▸ **Exercise prompt**: Copy exactly. Begin at the line containing "Some of the words" and stop at the last line of the entries, omitting any pictures.

▸ **Provided entries**:
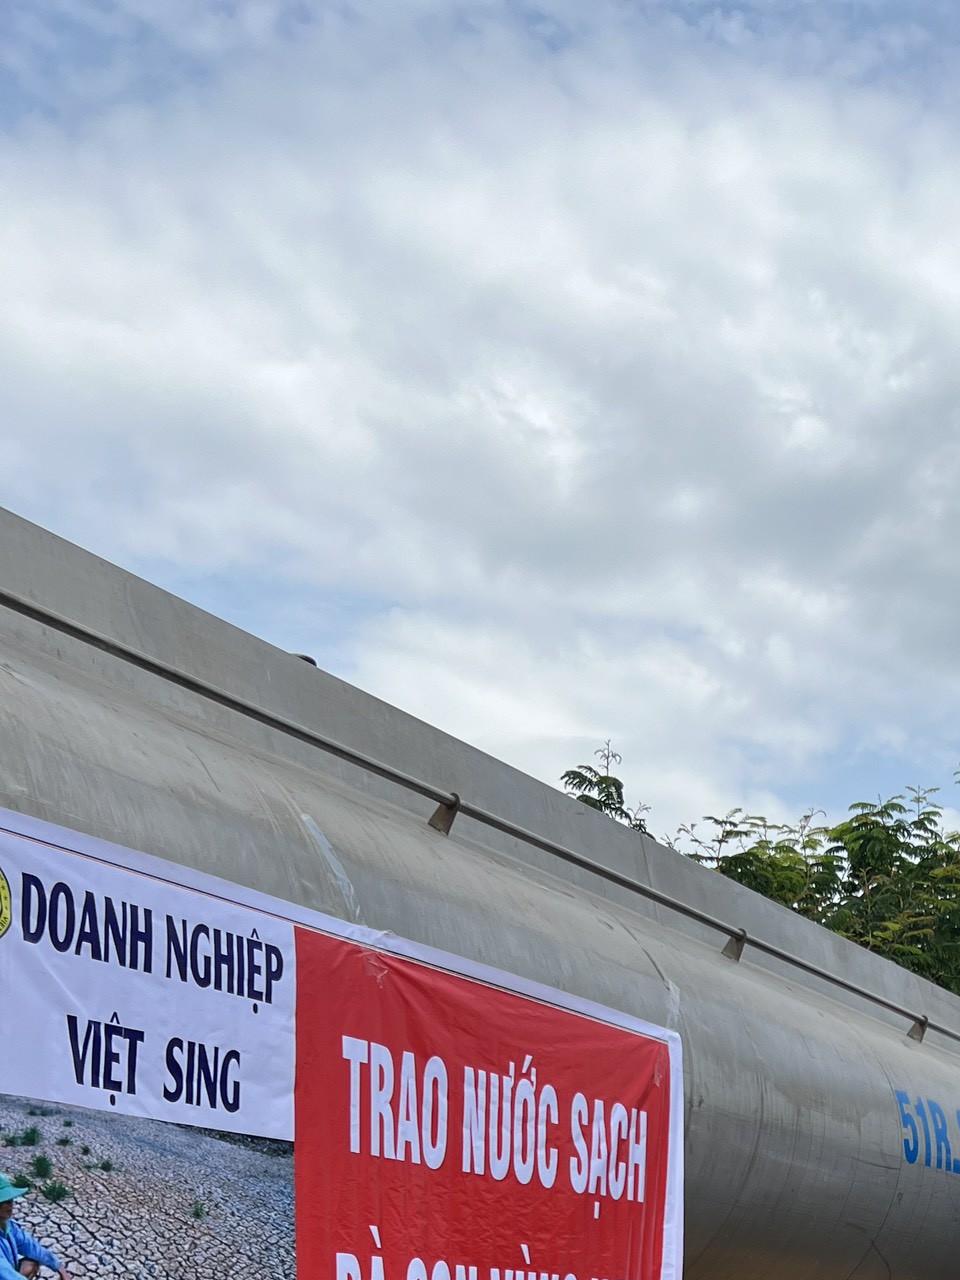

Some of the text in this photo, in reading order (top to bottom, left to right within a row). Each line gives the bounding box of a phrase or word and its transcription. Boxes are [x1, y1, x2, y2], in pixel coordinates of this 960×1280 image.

[21, 872, 283, 1013] DOANH NGHIỆP
[67, 1013, 241, 1112] VIỆT SING
[342, 1036, 647, 1219] TRAO NƯỚC SẠCH
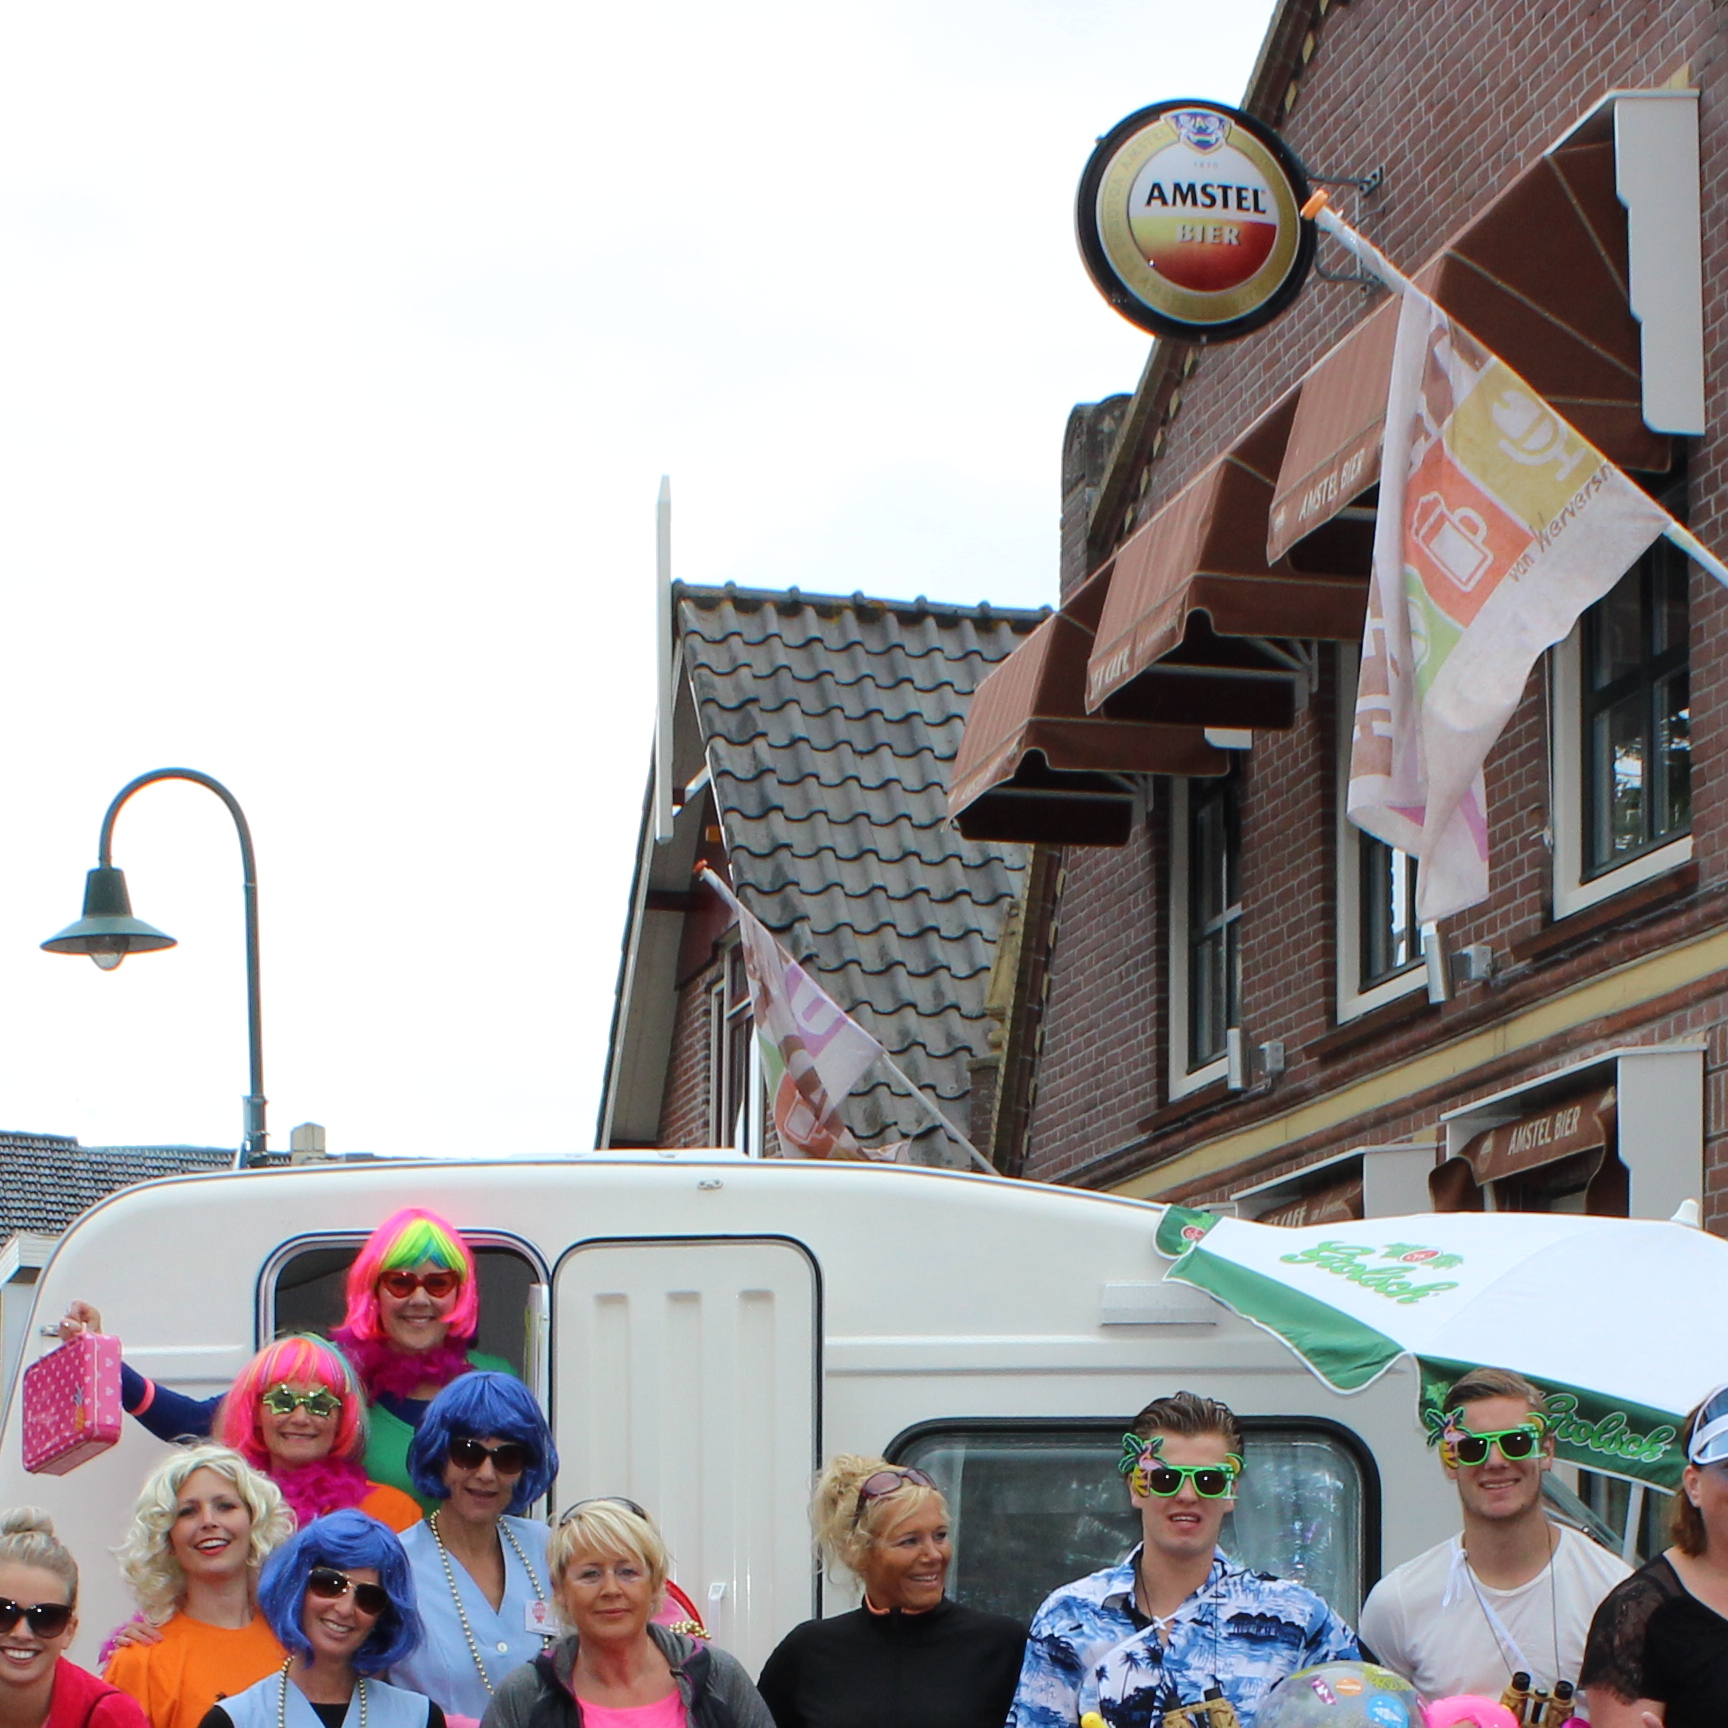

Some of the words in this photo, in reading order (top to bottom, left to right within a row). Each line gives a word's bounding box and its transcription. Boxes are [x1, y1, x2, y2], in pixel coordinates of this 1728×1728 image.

[1145, 181, 1267, 215] AMSTEL
[1176, 223, 1241, 246] BIER
[1298, 470, 1338, 523] AMSTEL
[1339, 447, 1366, 490] BIER
[1509, 552, 1535, 583] van
[1507, 1114, 1552, 1156] AMSTEL
[1553, 1104, 1582, 1139] BIER
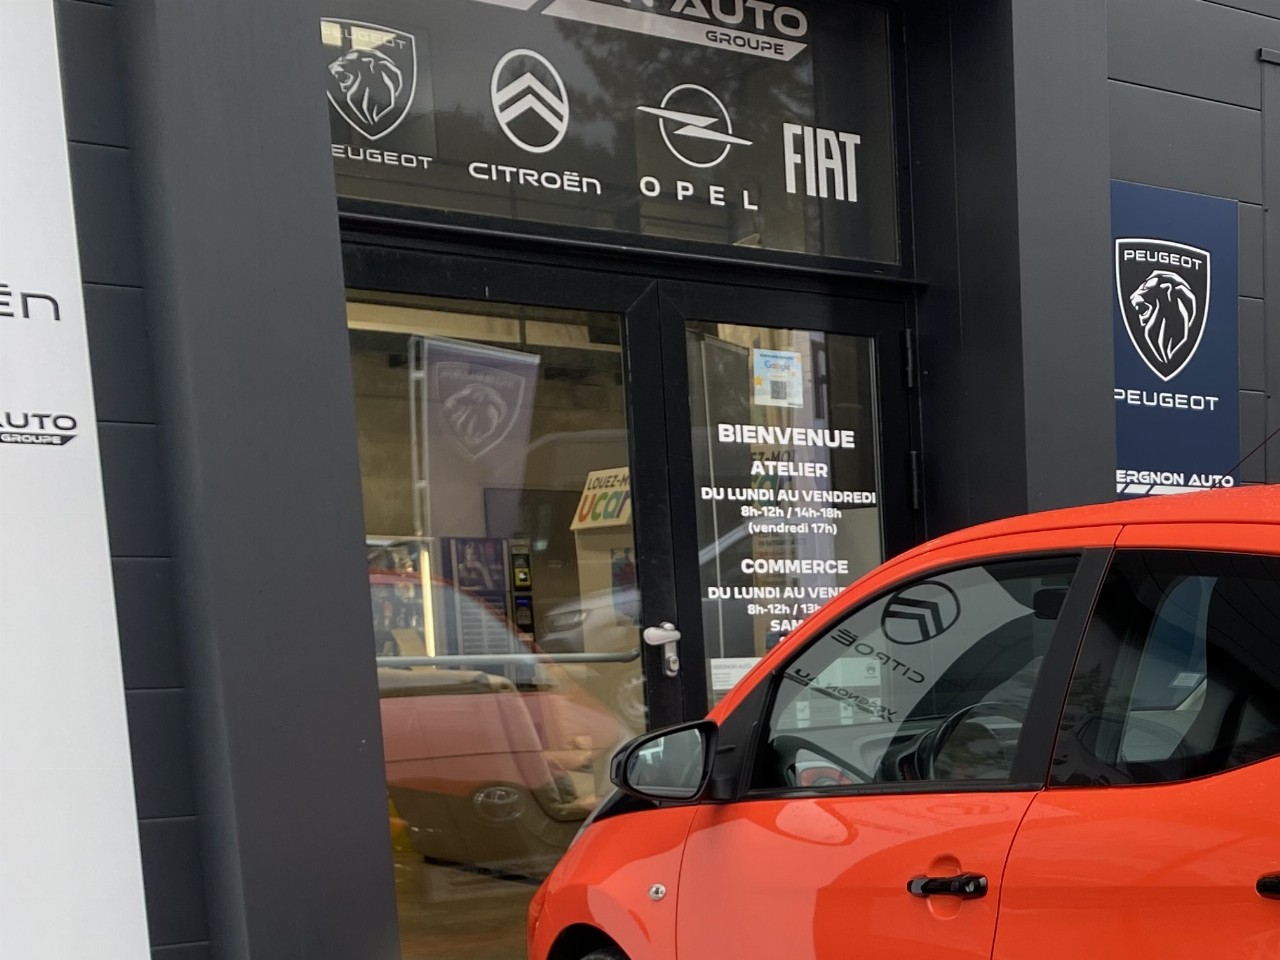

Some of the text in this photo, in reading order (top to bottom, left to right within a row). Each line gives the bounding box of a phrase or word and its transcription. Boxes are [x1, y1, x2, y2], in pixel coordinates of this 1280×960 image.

[668, 0, 808, 37] AUTO
[705, 30, 784, 56] GROUPE
[331, 144, 433, 169] EUGEOT
[783, 122, 861, 202] FIAT
[639, 176, 758, 210] OPEL
[1123, 250, 1203, 271] PEUGEOT
[0, 411, 77, 431] UTO
[1, 433, 62, 445] GROUPE
[717, 423, 856, 448] BIENVENUE
[751, 460, 829, 478] ATELIER
[1115, 469, 1234, 488] ERGNON AUTO
[701, 487, 877, 504] DU LUNDI AU VENDREDI
[741, 505, 785, 518] 8h-12h
[794, 507, 842, 519] 14h-18h
[748, 522, 838, 535] (vendredi 17h)
[740, 559, 849, 575] COMMERCE
[708, 586, 731, 599] DU
[734, 587, 780, 599] LUNDI
[783, 587, 806, 599] AU
[747, 603, 790, 615] 8h-12h
[801, 603, 824, 615] 13h
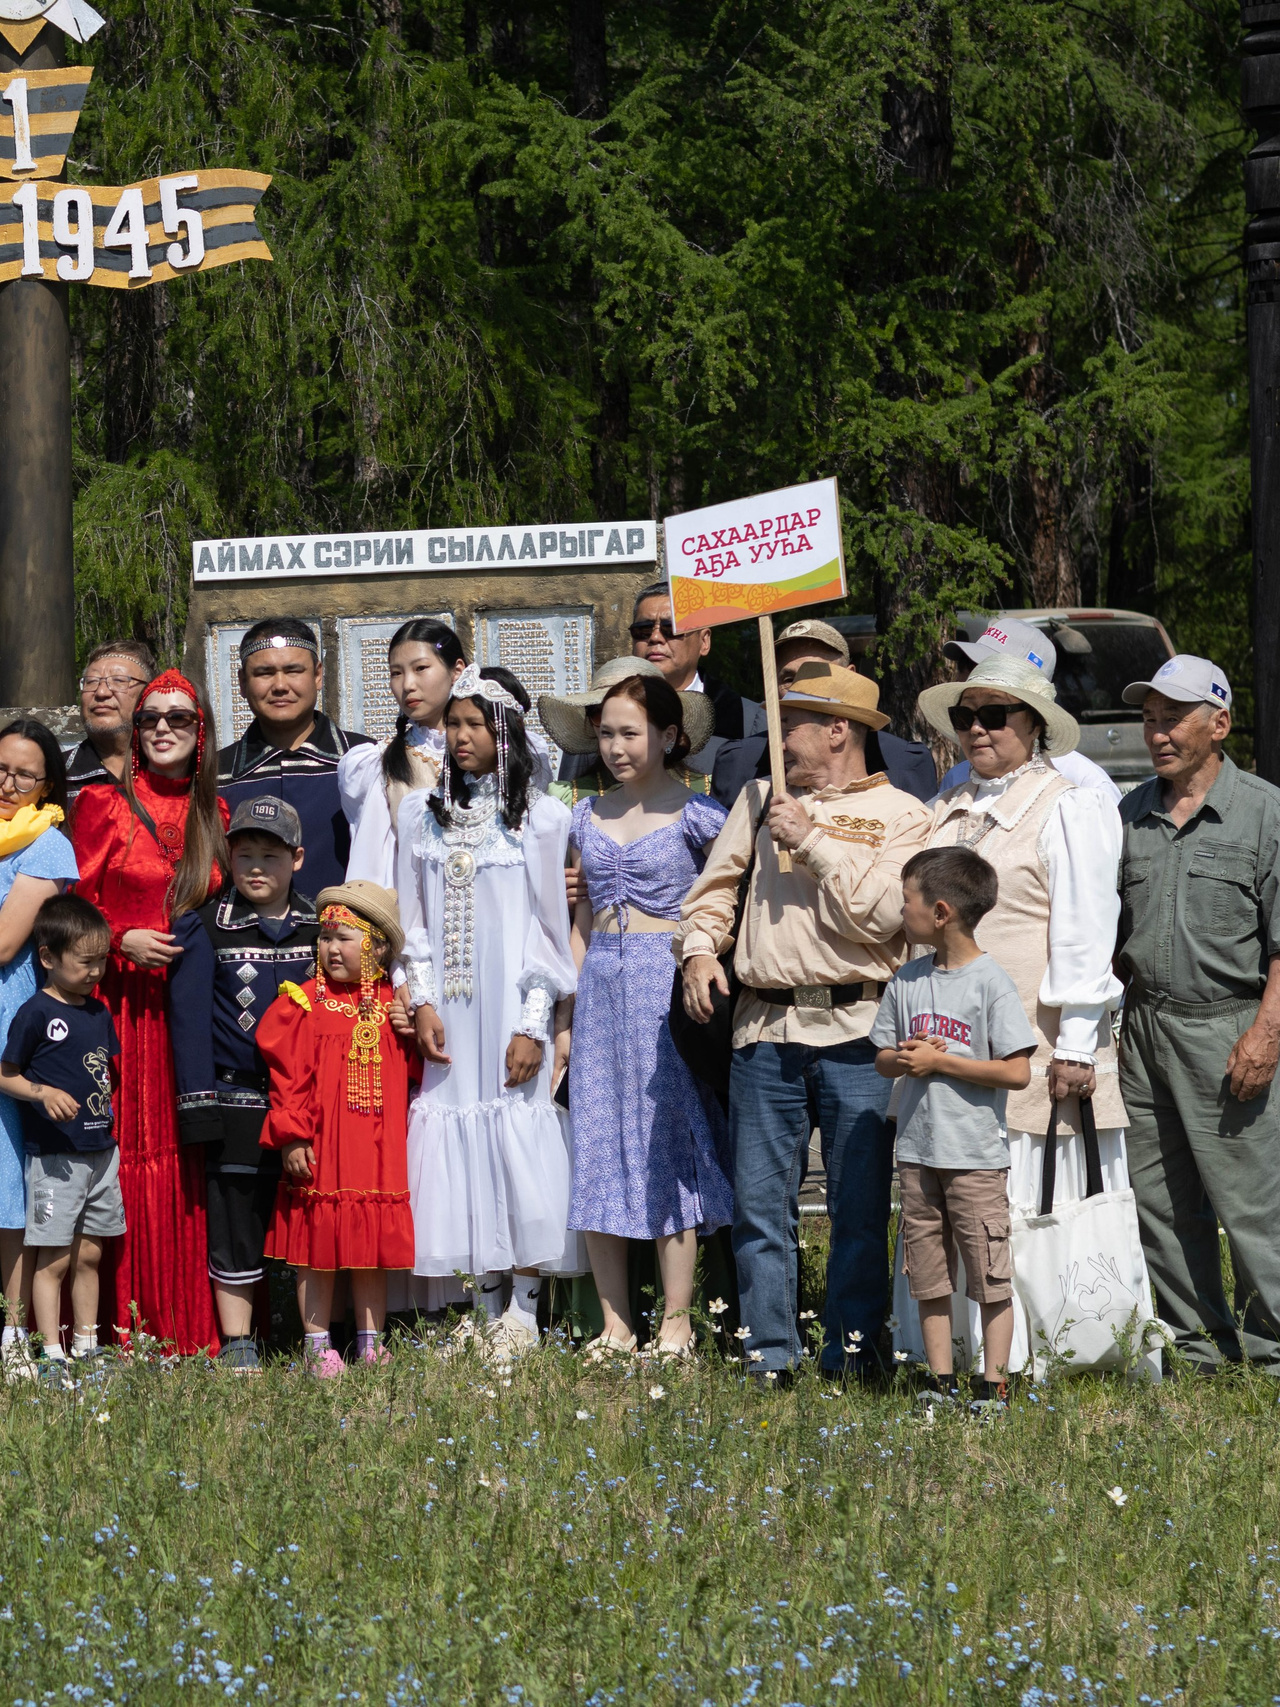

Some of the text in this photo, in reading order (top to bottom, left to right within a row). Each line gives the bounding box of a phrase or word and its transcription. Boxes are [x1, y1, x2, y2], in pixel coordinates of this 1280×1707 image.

▸ **Task answer**:
Some of the words in this photo, in reading order (top to bottom, left to right within a row). Each line gives a word's bounding box and its transcription. Boxes are [x1, y1, x2, y2], in pixel coordinates of this 1728×1728 image.

[1145, 181, 1267, 215] AMSTEL
[1176, 223, 1241, 246] BIER
[1298, 470, 1338, 523] AMSTEL
[1339, 447, 1366, 490] BIER
[1509, 552, 1535, 583] van
[1507, 1114, 1552, 1156] AMSTEL
[1553, 1104, 1582, 1139] BIER

Some of the text in this photo, in reading order (top to bottom, left to right within a row). Each line gives the bounding box of a phrase or word and its transcription. Boxes are [x1, y1, x2, y2], in pixel coordinates of this 1280×960 image.

[668, 0, 808, 37] AUTO
[705, 30, 784, 56] GROUPE
[331, 144, 433, 169] EUGEOT
[783, 122, 861, 202] FIAT
[639, 176, 758, 210] OPEL
[1123, 250, 1203, 271] PEUGEOT
[0, 411, 77, 431] UTO
[1, 433, 62, 445] GROUPE
[717, 423, 856, 448] BIENVENUE
[751, 460, 829, 478] ATELIER
[1115, 469, 1234, 488] ERGNON AUTO
[701, 487, 877, 504] DU LUNDI AU VENDREDI
[741, 505, 785, 518] 8h-12h
[794, 507, 842, 519] 14h-18h
[748, 522, 838, 535] (vendredi 17h)
[740, 559, 849, 575] COMMERCE
[708, 586, 731, 599] DU
[734, 587, 780, 599] LUNDI
[783, 587, 806, 599] AU
[747, 603, 790, 615] 8h-12h
[801, 603, 824, 615] 13h

Some of the text in this photo, in reading order (top to bottom, left to right within a row). Each line gives the bounding box of a phrase or word and its transcription. Boxes are [x1, y1, x2, y2], in pixel coordinates of this 1280×1707 image.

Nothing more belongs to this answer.